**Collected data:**
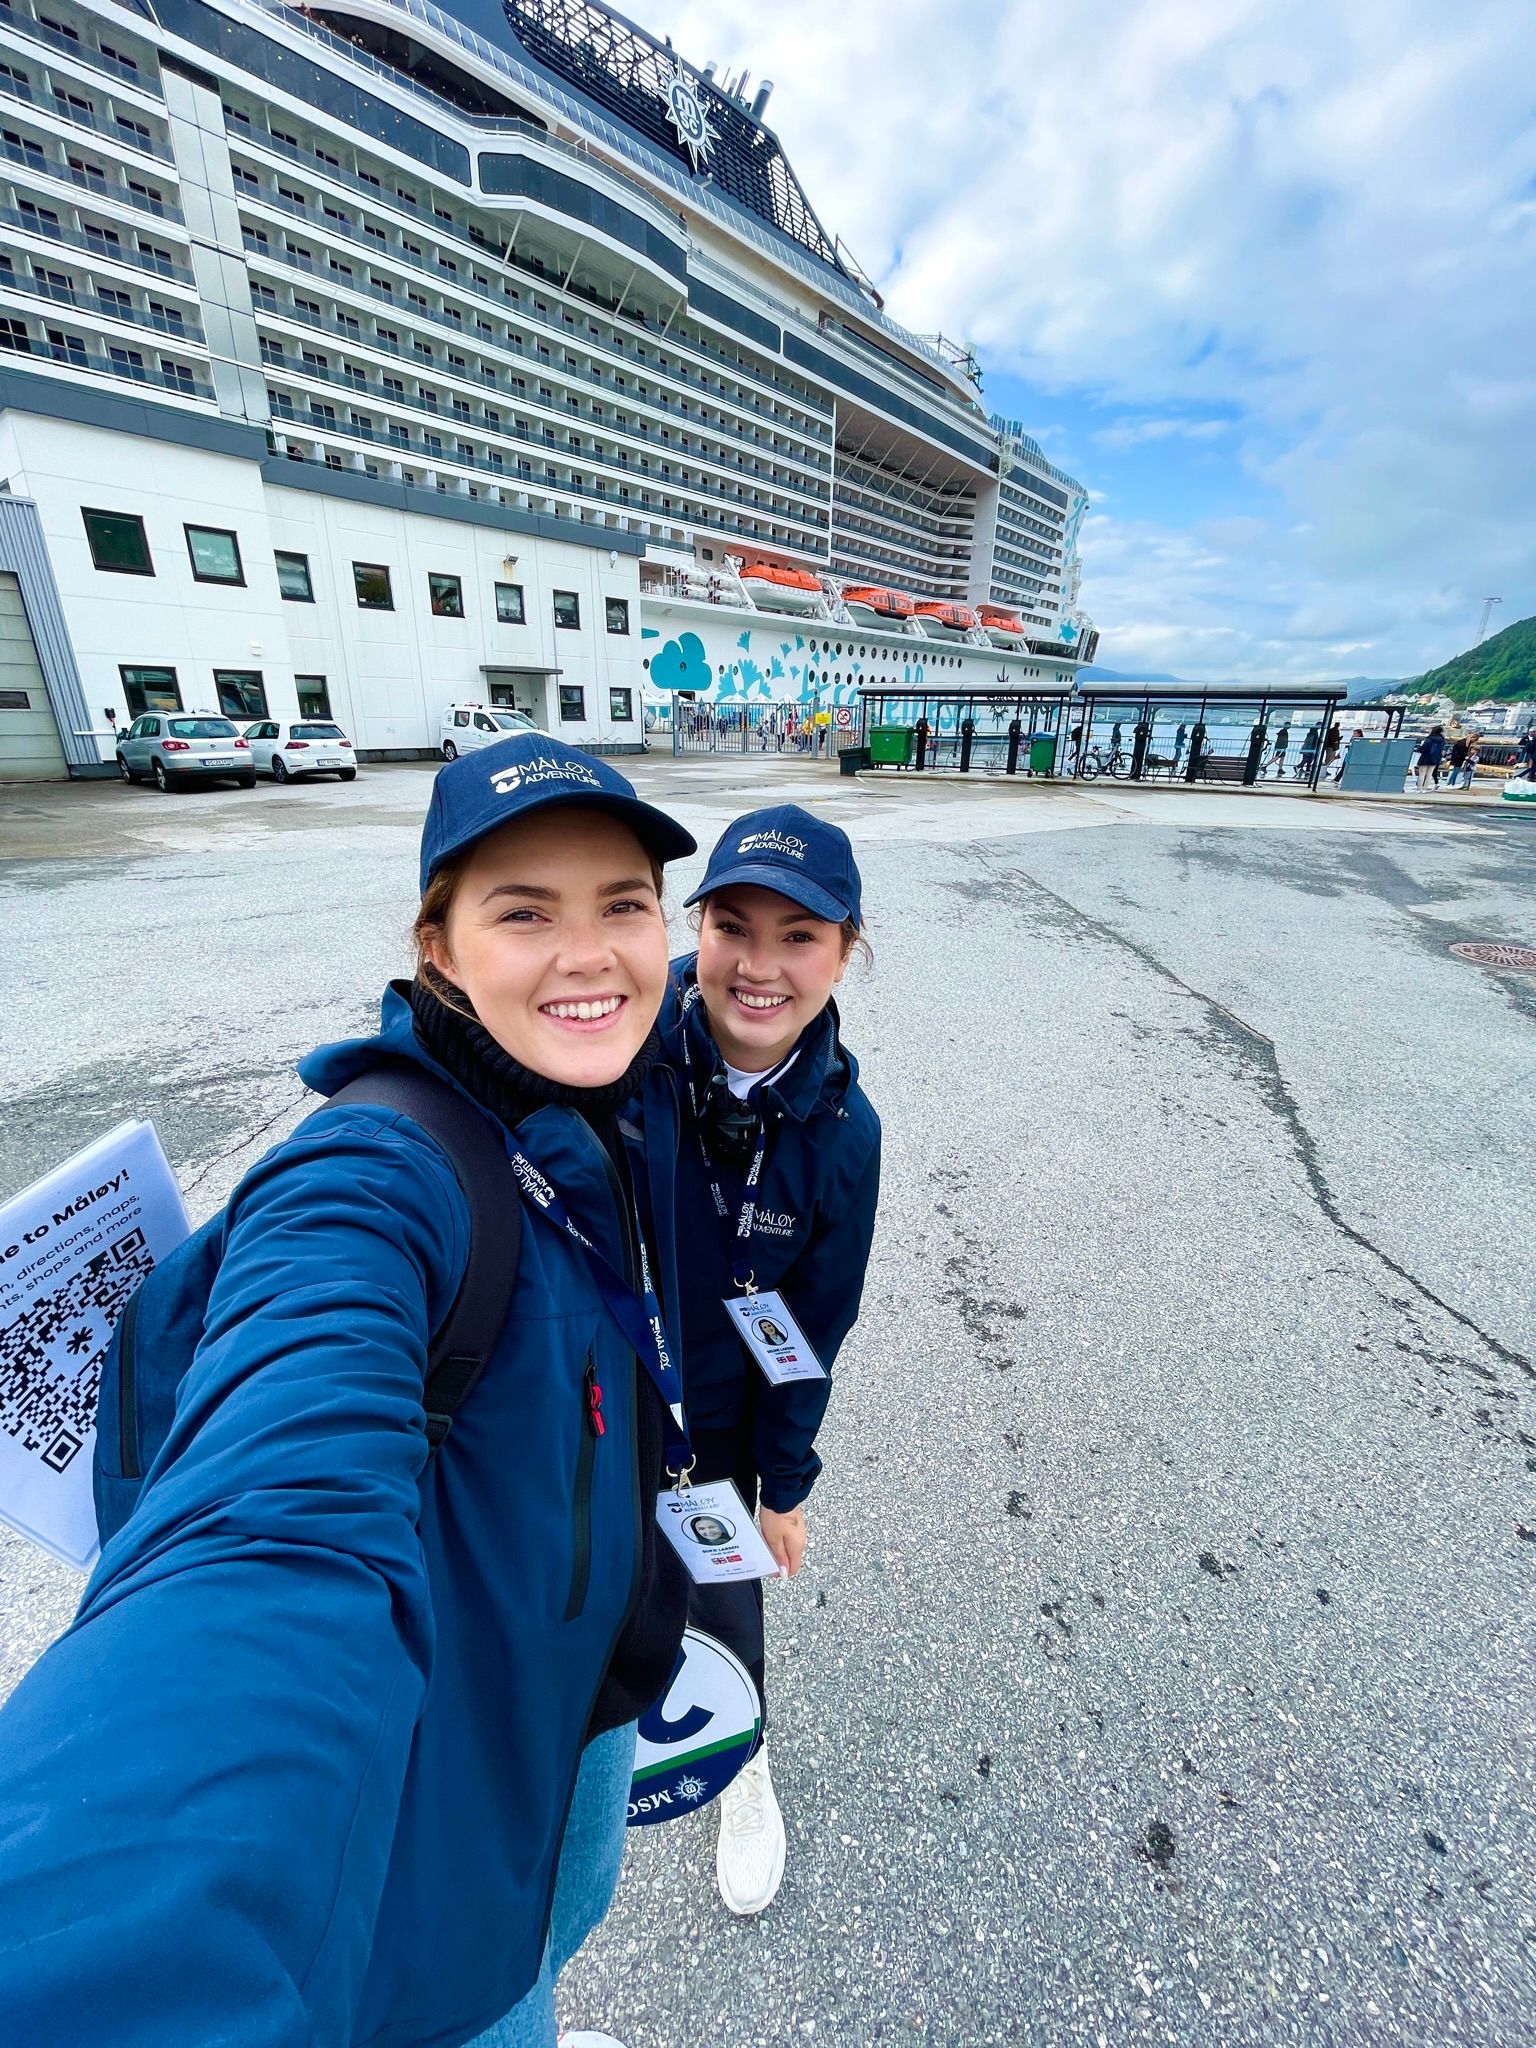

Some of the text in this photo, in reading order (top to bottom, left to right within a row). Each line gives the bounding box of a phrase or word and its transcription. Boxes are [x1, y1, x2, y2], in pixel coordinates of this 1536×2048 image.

[518, 756, 593, 777] MÅLØY
[525, 770, 603, 788] ADVENTURE
[752, 841, 805, 860] ADVENTURE
[756, 829, 808, 851] MÅLØY
[513, 1152, 548, 1187] ADVENTURE
[23, 1225, 49, 1244] to
[52, 1169, 129, 1226] Måløy!
[17, 1226, 94, 1280] directions,
[97, 1195, 140, 1225] maps,
[26, 1255, 71, 1291] shops
[74, 1232, 103, 1256] and
[106, 1207, 142, 1235] more
[626, 1789, 674, 1818] MSC
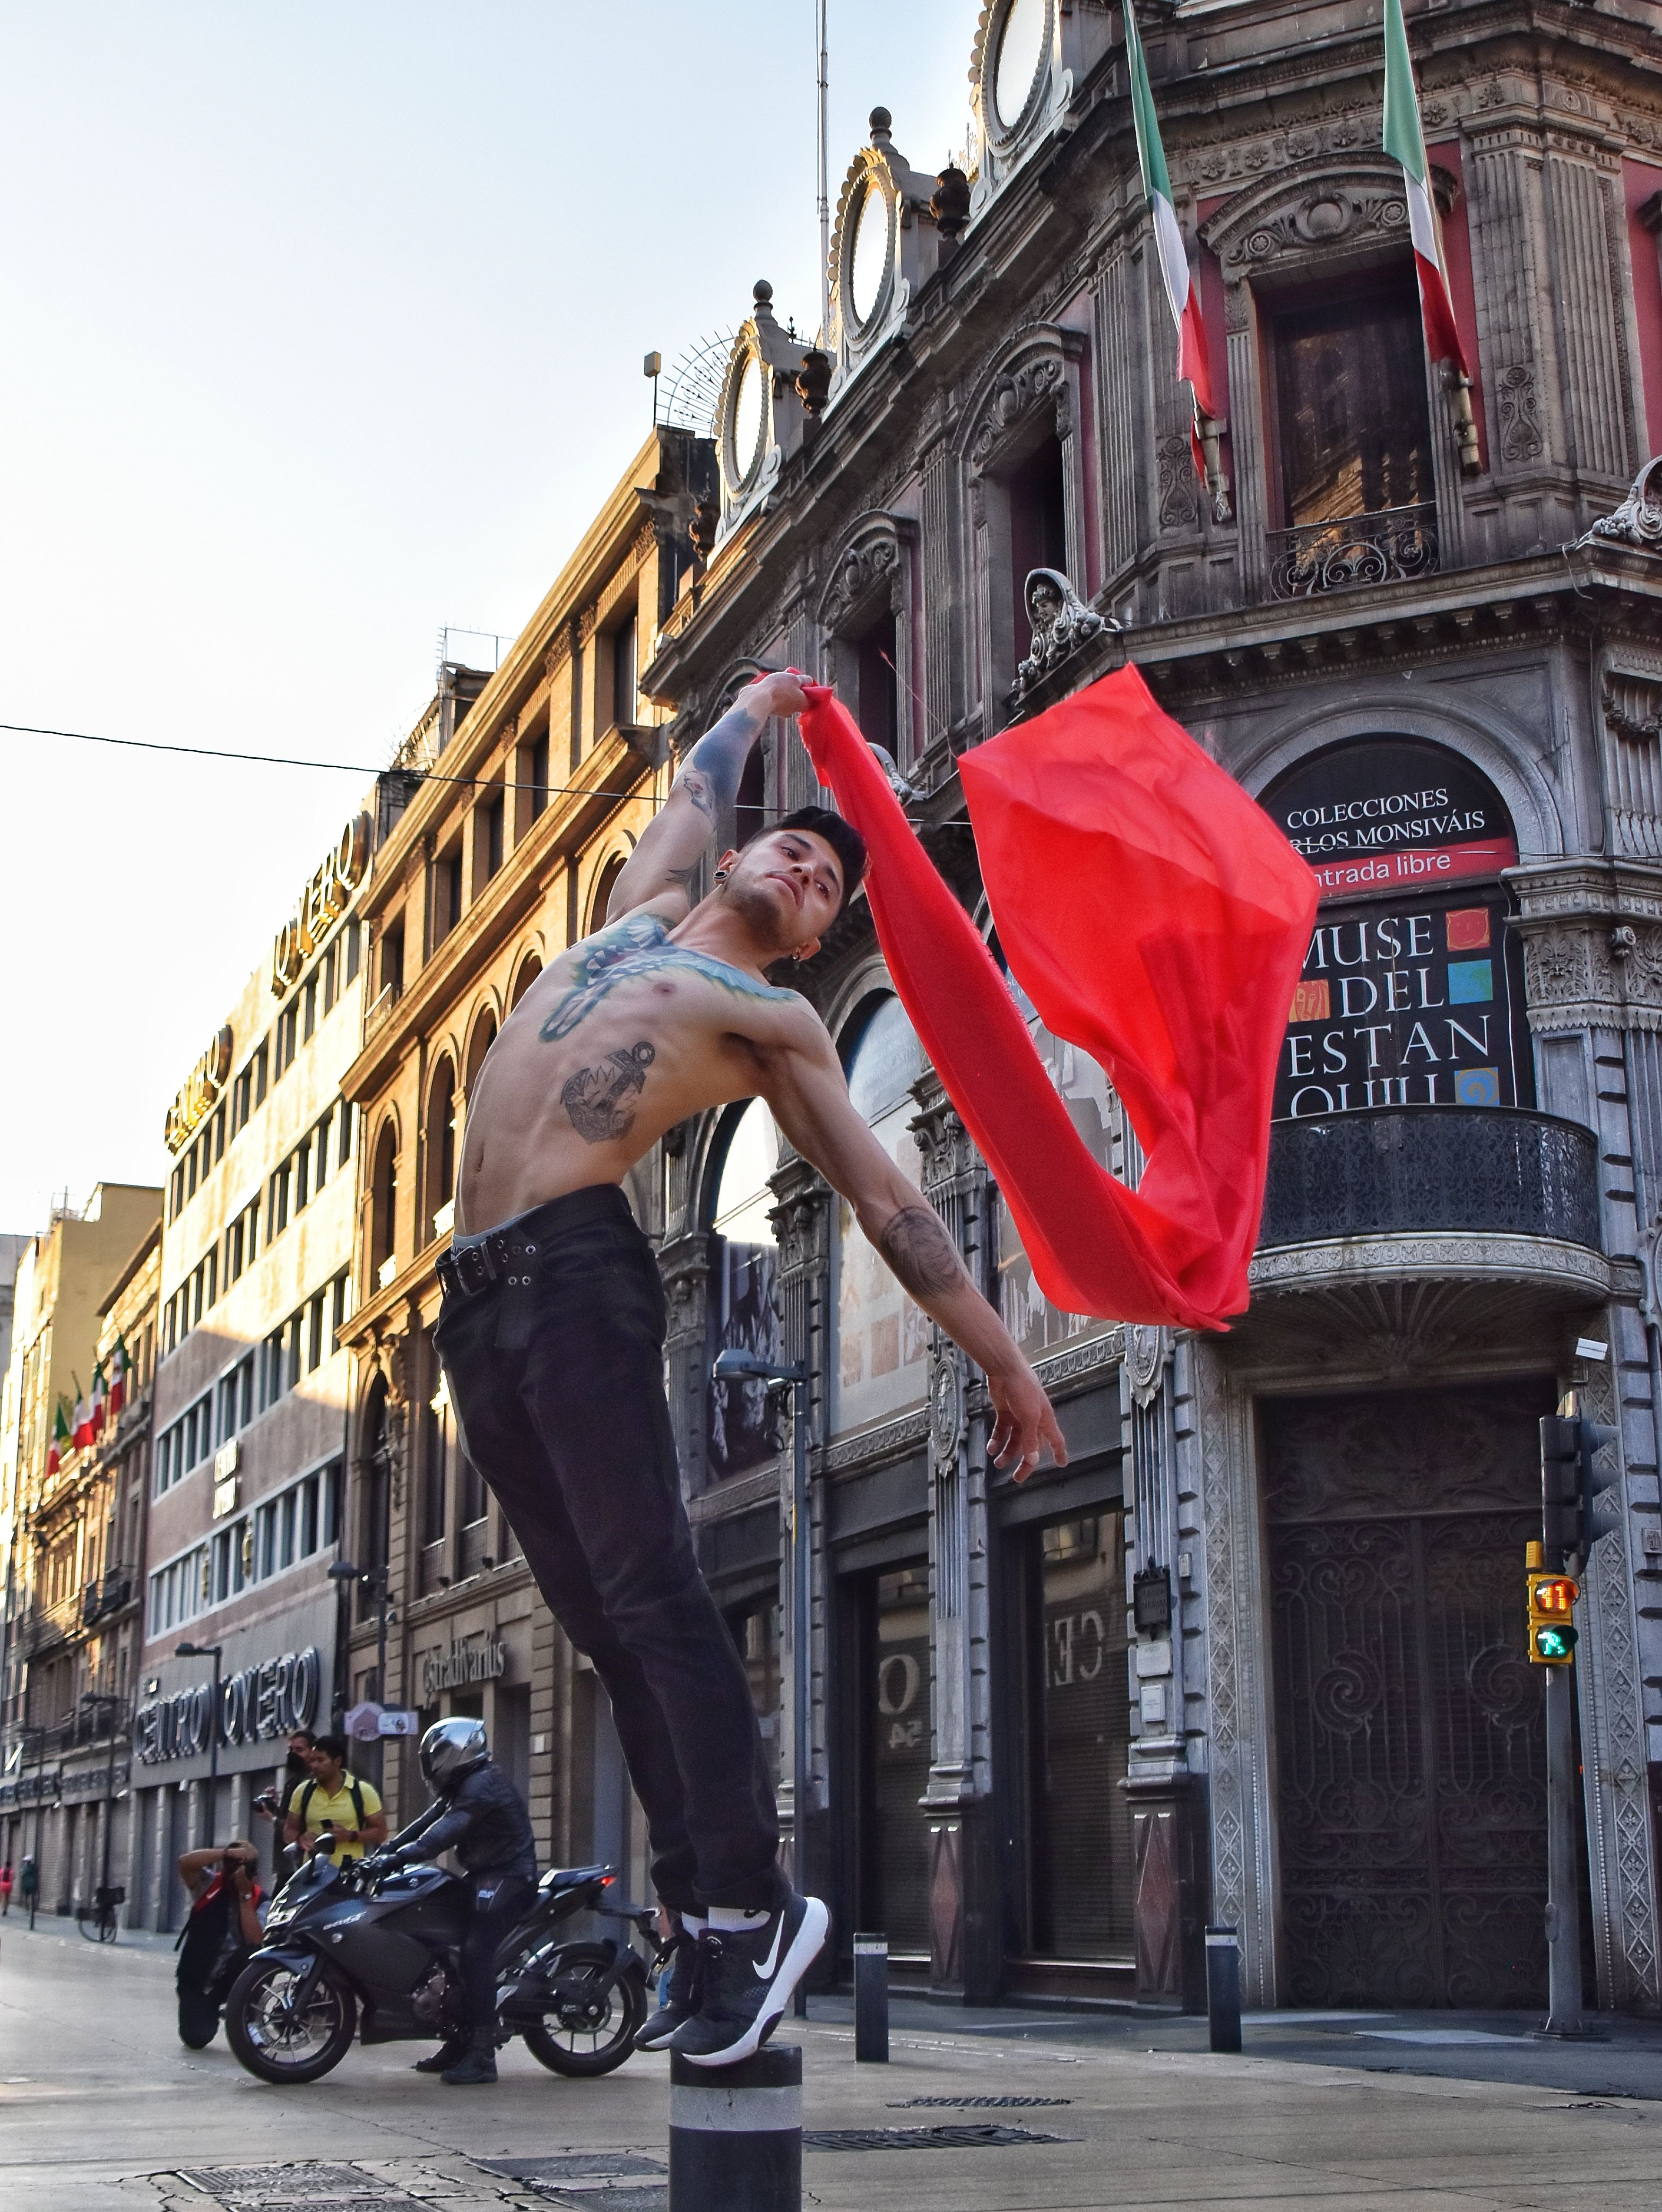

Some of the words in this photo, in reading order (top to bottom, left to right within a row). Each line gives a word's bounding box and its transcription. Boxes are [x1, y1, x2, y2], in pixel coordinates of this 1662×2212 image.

**Problem to solve:**
Leaving out the pictures, repeat all the entries exactly as they stand.

**Solved problem:**
Some of the text in this photo, in reading order (top to bottom, left to right within a row). Each line gives the bounding box of a phrase or word and its transcription. Boxes are [x1, y1, x2, y2], in pixel coordinates of this 1536×2048 image.

[518, 756, 593, 777] MÅLØY
[525, 770, 603, 788] ADVENTURE
[752, 841, 805, 860] ADVENTURE
[756, 829, 808, 851] MÅLØY
[513, 1152, 548, 1187] ADVENTURE
[23, 1225, 49, 1244] to
[52, 1169, 129, 1226] Måløy!
[17, 1226, 94, 1280] directions,
[97, 1195, 140, 1225] maps,
[26, 1255, 71, 1291] shops
[74, 1232, 103, 1256] and
[106, 1207, 142, 1235] more
[626, 1789, 674, 1818] MSC

Some of the words in this photo, in reading order (top to bottom, left to right within a row). Each line gives a word's bounding box and its transcription. Boxes are [x1, y1, x2, y2], in pixel coordinates of this 1662×2212 image.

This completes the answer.